Please use this identifier to cite or link to this item: http://doi.org/10.25358/openscience-4426
Authors: Arens, Katharina
Title: Therapeutic anti-TNFα antibodies differentially affect Leishmania infection of primary human macrophages
Online publication date: 24-May-2018
Language: english
Abstract: Excessive production of the pro-inflammatory cytokine tumor necrosis factor α (TNFα) is associated with the pathophysiology of human autoimmune diseases. As a consequence, neutralizing antibodies or antibody-derived molecules directed against TNFα have emerged as important therapeutics. Despite the great success of anti-TNFα treatment, serious adverse effects remain and complications include a higher risk for infectious diseases such as leishmaniasis. In this study, we developed an in vitro model based on Leishmania-infected human macrophages, co-cultured with autologous T-cells, for the analysis and comparison of currently marketed anti-TNFα agents and their potential to contribute to the onset of leishmaniasis. Using our in vitro model, we identified that neutralization of soluble TNFα (sTNFα) by the anti-TNFα antibodies Remicade®, Remsima® and Humira® negatively affected infection as treatment with these agents significantly reduced Leishmania-induced CD4 T-cell proliferation and increased the number of infected macrophages. In contrast, we showed that blockade of sTNFα by Cimzia® did not affect T-cell proliferation and infection rates. Moreover, compared to Remicade®, the application of Cimzia® did not impair the phenotype and effector functions of T-cells as shown by the expression levels of PD-1, CD45RO and cytolytic effector proteins.

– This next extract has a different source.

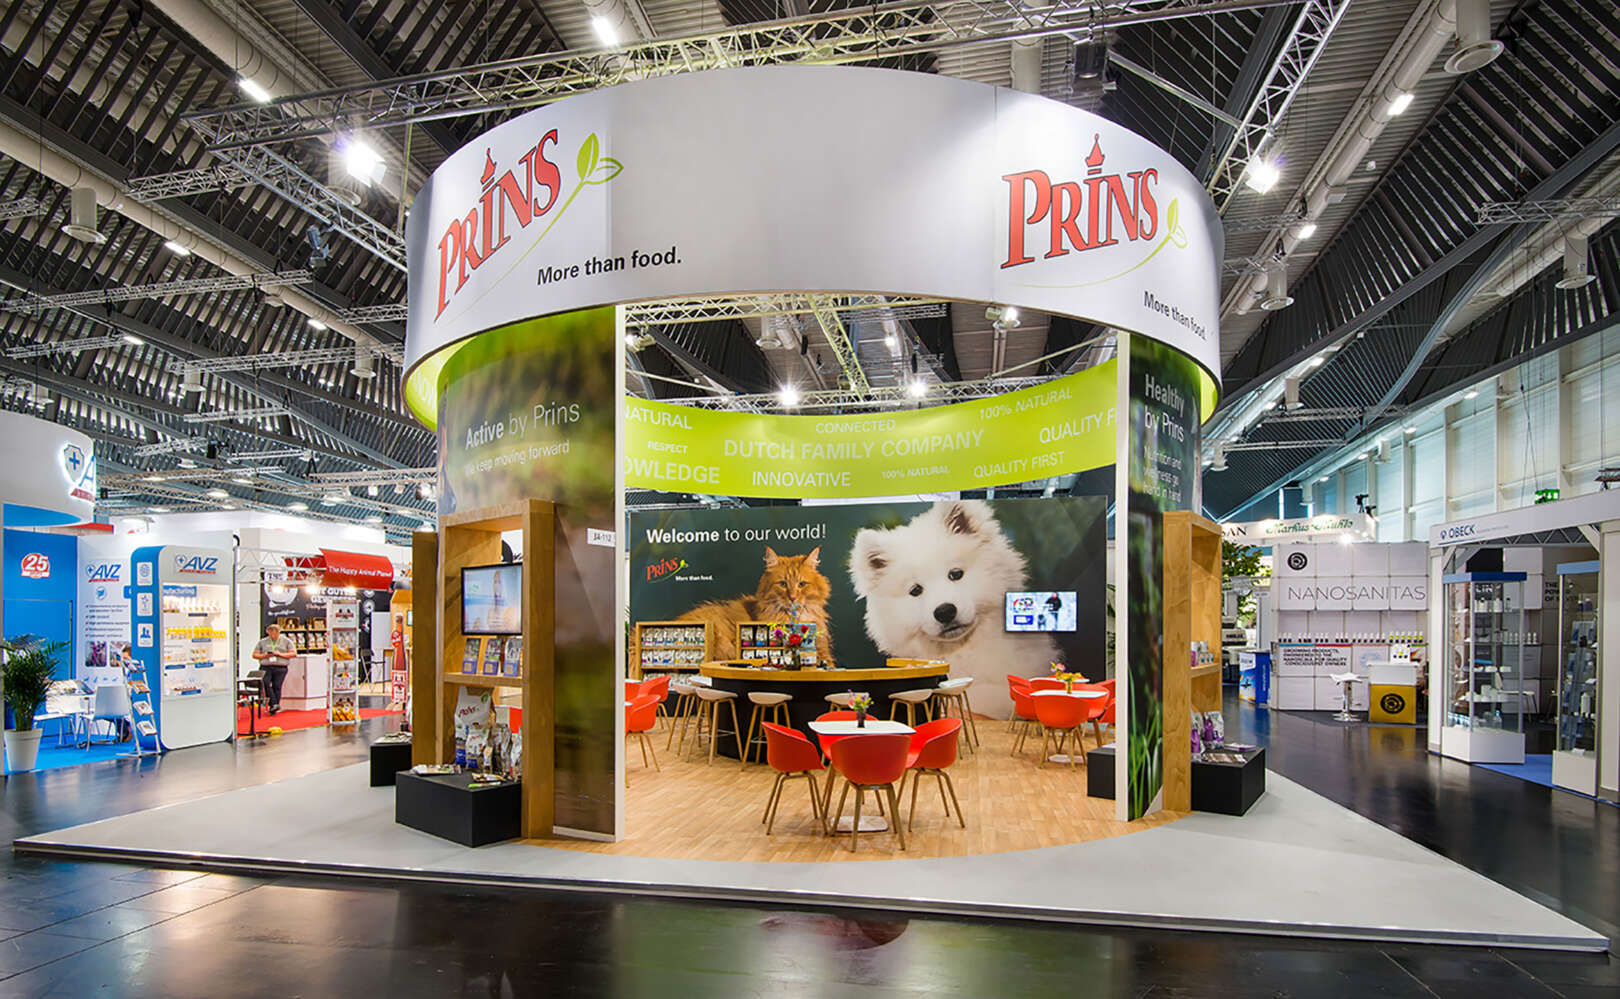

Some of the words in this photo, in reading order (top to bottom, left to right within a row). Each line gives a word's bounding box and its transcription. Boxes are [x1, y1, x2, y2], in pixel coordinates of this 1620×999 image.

The latter are potentially implicated in intracellular killing of parasites. We confirmed that the diverging effects of Remicade® or Cimzia® treatment were independent of Fc-Fcγ receptor interaction. However, our data indicate that Cimzia® supports parasite control through its conjugated PEG moiety as PEGylation of Remicade® enhanced T-cell proliferation and thus improved the clearance of intracellular Leishmania. This effect was associated with complement activation, showing increased C5a expression upon treatment with PEGylated TNFα inhibitors. Altogether, our results enhance the understanding of the effectiveness and adverse effects of anti-TNFα treatment. Considering the emergence of leishmaniasis as complication of anti-TNFα therapy, our findings contribute to evaluate different anti-TNFα agents. Based on our results, we propose that the application of Cimzia® may be beneficial for patients living in countries with a high prevalence of leishmaniasis.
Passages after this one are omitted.